DISPARITION XIII

DISPARITIONS

« L’écriture a cette vertu de nous faire exister quand nous n’existons plus pour personne. »
Georges Perros

AVANT LIRE

Les fragments en italique sont des paroles reprises aux disparus, puisées dans leur œuvre et particulièrement de ce qui tend à se dérober au public, après tant d’années.

Les citations d’autres auteurs sont mises entre guillemets.
Le reste — bifurcations, rebonds à sauts et à gambades, ajouts , accords et désaccords, sont de mon cru.

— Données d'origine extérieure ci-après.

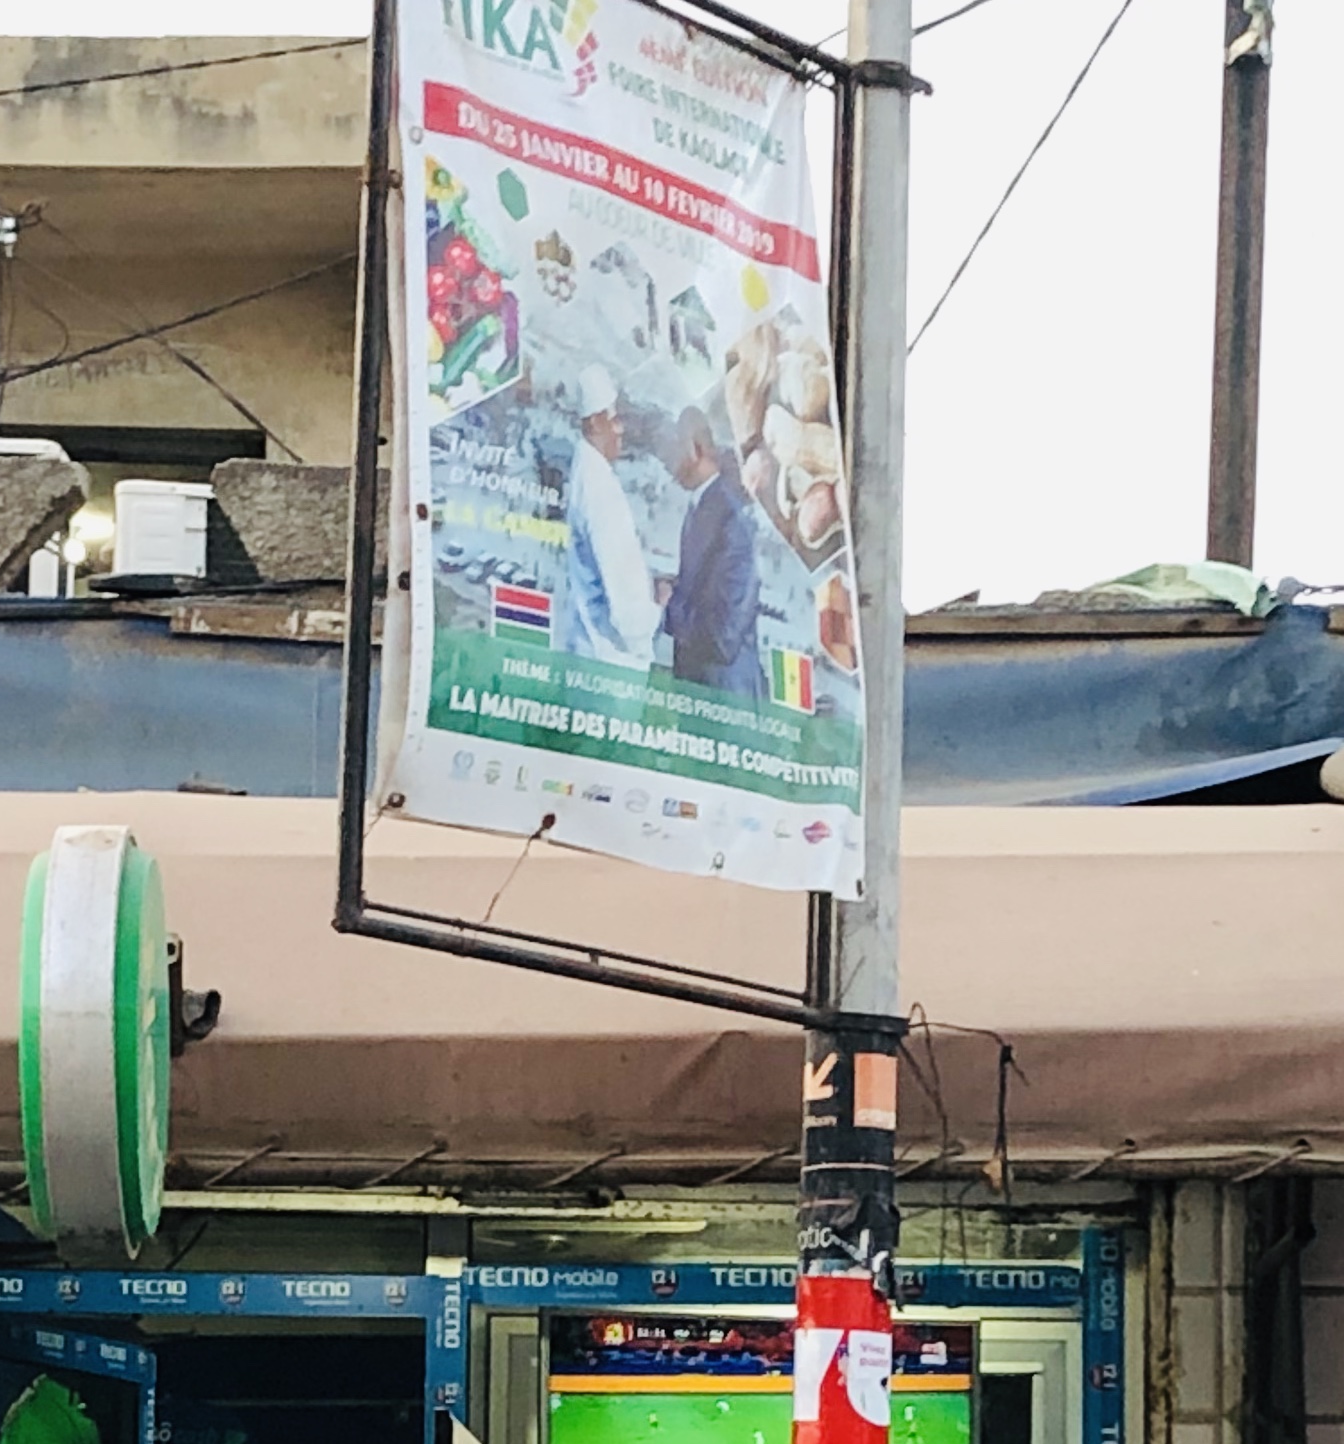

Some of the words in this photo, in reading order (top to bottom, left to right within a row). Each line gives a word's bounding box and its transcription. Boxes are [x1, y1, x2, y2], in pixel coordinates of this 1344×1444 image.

[457, 101, 489, 136] DU
[491, 118, 518, 149] 25
[520, 129, 611, 182] JANVIER
[612, 162, 640, 193] AU
[643, 176, 666, 206] 10
[737, 219, 775, 255] 2019
[565, 669, 665, 707] VALORISATION
[666, 692, 693, 715] DES
[694, 699, 757, 731] PRODUITS
[758, 717, 802, 743] LOCAUX
[449, 684, 477, 713] LA
[571, 709, 606, 739] DES
[718, 742, 740, 767] DE
[120, 1278, 187, 1296] TECNO
[466, 1266, 550, 1287] TECNO
[709, 1266, 797, 1288] TECNO
[958, 1269, 1046, 1290] TECNO
[282, 1280, 351, 1298] TECNO
[444, 1280, 460, 1349] TECNO

Chaque Disparition se compose de sept fragments.
Ils paraîtront sur ce blog du lundi au dimanche,
pendant vingt-trois semaines,
soit cent soixante et un fragments,
si tout se passe comme prévu.

DISPARITION XIII

Christian Dotremont

86

Le jour de sa disparition, le 20 août 1979, on put lire sur le journal du soir :

UN POÈTE-PEINTRE

Christian Dotremont, peintre et poète, est mort lundi à Bruxelles, à l’âge de cinquante-sept ans. Il a notamment publié Ancienne Eternité (La poésie est là), la Mathématique du ténu (La Boétie), la Pierre et l’Oreiller (N.R.F.), J’écris, donc je crée (Ziggurat). Avec Asger  Jorn il invente, dès 1948, les peintures-mots, fonde le groupe Cobra (Copenhague-Bruxelles-Amsterdam), qu’il anime avec Karel Appel, Constant, Corneille et Alechinsky.